RECORDS FOR THE EXERCISE:
··········

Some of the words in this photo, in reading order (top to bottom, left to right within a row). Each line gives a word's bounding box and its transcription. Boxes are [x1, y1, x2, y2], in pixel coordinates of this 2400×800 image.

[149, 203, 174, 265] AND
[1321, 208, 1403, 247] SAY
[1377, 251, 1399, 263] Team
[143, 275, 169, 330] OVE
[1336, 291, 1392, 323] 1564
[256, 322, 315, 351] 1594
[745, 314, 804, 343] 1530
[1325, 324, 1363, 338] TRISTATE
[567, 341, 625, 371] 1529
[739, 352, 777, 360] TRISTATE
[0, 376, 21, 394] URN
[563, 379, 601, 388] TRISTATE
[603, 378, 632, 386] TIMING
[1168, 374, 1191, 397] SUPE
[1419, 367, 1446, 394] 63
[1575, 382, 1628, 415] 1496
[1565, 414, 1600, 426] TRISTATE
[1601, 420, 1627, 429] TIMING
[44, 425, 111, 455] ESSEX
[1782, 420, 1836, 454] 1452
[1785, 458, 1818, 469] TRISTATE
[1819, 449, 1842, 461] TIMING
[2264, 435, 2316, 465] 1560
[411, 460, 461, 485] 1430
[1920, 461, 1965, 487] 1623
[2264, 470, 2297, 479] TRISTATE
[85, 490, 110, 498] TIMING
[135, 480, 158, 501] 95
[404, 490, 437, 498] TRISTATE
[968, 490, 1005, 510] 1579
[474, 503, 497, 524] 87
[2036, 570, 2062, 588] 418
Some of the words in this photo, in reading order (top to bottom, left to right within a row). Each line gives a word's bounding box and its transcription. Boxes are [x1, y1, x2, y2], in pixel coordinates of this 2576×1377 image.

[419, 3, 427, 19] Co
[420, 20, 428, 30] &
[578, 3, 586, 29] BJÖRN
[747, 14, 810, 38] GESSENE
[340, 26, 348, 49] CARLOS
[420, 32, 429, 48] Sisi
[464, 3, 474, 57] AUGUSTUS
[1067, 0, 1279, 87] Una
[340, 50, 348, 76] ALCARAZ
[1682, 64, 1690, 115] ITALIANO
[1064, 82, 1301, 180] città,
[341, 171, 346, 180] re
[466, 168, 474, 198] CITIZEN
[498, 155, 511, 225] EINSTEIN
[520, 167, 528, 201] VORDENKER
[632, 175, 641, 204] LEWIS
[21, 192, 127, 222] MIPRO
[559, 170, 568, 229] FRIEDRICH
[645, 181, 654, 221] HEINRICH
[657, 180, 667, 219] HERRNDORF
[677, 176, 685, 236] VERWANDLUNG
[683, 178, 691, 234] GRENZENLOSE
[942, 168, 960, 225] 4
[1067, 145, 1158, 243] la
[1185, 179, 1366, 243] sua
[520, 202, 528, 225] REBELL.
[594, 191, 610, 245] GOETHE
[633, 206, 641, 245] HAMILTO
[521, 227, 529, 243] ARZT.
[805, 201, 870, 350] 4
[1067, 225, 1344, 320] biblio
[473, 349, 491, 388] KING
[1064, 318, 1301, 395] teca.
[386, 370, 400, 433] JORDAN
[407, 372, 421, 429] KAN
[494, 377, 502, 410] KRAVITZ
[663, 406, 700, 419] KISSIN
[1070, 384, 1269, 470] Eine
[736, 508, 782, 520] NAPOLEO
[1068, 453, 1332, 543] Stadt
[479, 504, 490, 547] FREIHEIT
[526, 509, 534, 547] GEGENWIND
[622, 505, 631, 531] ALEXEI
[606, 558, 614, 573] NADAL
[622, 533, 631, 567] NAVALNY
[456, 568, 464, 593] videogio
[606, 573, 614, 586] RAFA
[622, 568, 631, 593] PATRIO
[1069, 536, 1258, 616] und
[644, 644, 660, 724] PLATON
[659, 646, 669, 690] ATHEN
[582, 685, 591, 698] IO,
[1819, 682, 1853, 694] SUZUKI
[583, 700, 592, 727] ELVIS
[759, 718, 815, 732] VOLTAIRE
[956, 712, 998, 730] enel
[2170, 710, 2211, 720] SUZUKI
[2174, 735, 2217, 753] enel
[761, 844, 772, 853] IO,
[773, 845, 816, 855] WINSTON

··········

WHAT YOU WILL DO: Working from the listing above, give it again word for word.

REPLY TO THE EXERCISE:
Some of the words in this photo, in reading order (top to bottom, left to right within a row). Each line gives a word's bounding box and its transcription. Boxes are [x1, y1, x2, y2], in pixel coordinates of this 2400×800 image.

[149, 203, 174, 265] AND
[1321, 208, 1403, 247] SAY
[1377, 251, 1399, 263] Team
[143, 275, 169, 330] OVE
[1336, 291, 1392, 323] 1564
[256, 322, 315, 351] 1594
[745, 314, 804, 343] 1530
[1325, 324, 1363, 338] TRISTATE
[567, 341, 625, 371] 1529
[739, 352, 777, 360] TRISTATE
[0, 376, 21, 394] URN
[563, 379, 601, 388] TRISTATE
[603, 378, 632, 386] TIMING
[1168, 374, 1191, 397] SUPE
[1419, 367, 1446, 394] 63
[1575, 382, 1628, 415] 1496
[1565, 414, 1600, 426] TRISTATE
[1601, 420, 1627, 429] TIMING
[44, 425, 111, 455] ESSEX
[1782, 420, 1836, 454] 1452
[1785, 458, 1818, 469] TRISTATE
[1819, 449, 1842, 461] TIMING
[2264, 435, 2316, 465] 1560
[411, 460, 461, 485] 1430
[1920, 461, 1965, 487] 1623
[2264, 470, 2297, 479] TRISTATE
[85, 490, 110, 498] TIMING
[135, 480, 158, 501] 95
[404, 490, 437, 498] TRISTATE
[968, 490, 1005, 510] 1579
[474, 503, 497, 524] 87
[2036, 570, 2062, 588] 418
Some of the words in this photo, in reading order (top to bottom, left to right within a row). Each line gives a word's bounding box and its transcription. Boxes are [x1, y1, x2, y2], in pixel coordinates of this 2576×1377 image.

[419, 3, 427, 19] Co
[420, 20, 428, 30] &
[578, 3, 586, 29] BJÖRN
[747, 14, 810, 38] GESSENE
[340, 26, 348, 49] CARLOS
[420, 32, 429, 48] Sisi
[464, 3, 474, 57] AUGUSTUS
[1067, 0, 1279, 87] Una
[340, 50, 348, 76] ALCARAZ
[1682, 64, 1690, 115] ITALIANO
[1064, 82, 1301, 180] città,
[341, 171, 346, 180] re
[466, 168, 474, 198] CITIZEN
[498, 155, 511, 225] EINSTEIN
[520, 167, 528, 201] VORDENKER
[632, 175, 641, 204] LEWIS
[21, 192, 127, 222] MIPRO
[559, 170, 568, 229] FRIEDRICH
[645, 181, 654, 221] HEINRICH
[657, 180, 667, 219] HERRNDORF
[677, 176, 685, 236] VERWANDLUNG
[683, 178, 691, 234] GRENZENLOSE
[942, 168, 960, 225] 4
[1067, 145, 1158, 243] la
[1185, 179, 1366, 243] sua
[520, 202, 528, 225] REBELL.
[594, 191, 610, 245] GOETHE
[633, 206, 641, 245] HAMILTO
[521, 227, 529, 243] ARZT.
[805, 201, 870, 350] 4
[1067, 225, 1344, 320] biblio
[473, 349, 491, 388] KING
[1064, 318, 1301, 395] teca.
[386, 370, 400, 433] JORDAN
[407, 372, 421, 429] KAN
[494, 377, 502, 410] KRAVITZ
[663, 406, 700, 419] KISSIN
[1070, 384, 1269, 470] Eine
[736, 508, 782, 520] NAPOLEO
[1068, 453, 1332, 543] Stadt
[479, 504, 490, 547] FREIHEIT
[526, 509, 534, 547] GEGENWIND
[622, 505, 631, 531] ALEXEI
[606, 558, 614, 573] NADAL
[622, 533, 631, 567] NAVALNY
[456, 568, 464, 593] videogio
[606, 573, 614, 586] RAFA
[622, 568, 631, 593] PATRIO
[1069, 536, 1258, 616] und
[644, 644, 660, 724] PLATON
[659, 646, 669, 690] ATHEN
[582, 685, 591, 698] IO,
[1819, 682, 1853, 694] SUZUKI
[583, 700, 592, 727] ELVIS
[759, 718, 815, 732] VOLTAIRE
[956, 712, 998, 730] enel
[2170, 710, 2211, 720] SUZUKI
[2174, 735, 2217, 753] enel
[761, 844, 772, 853] IO,
[773, 845, 816, 855] WINSTON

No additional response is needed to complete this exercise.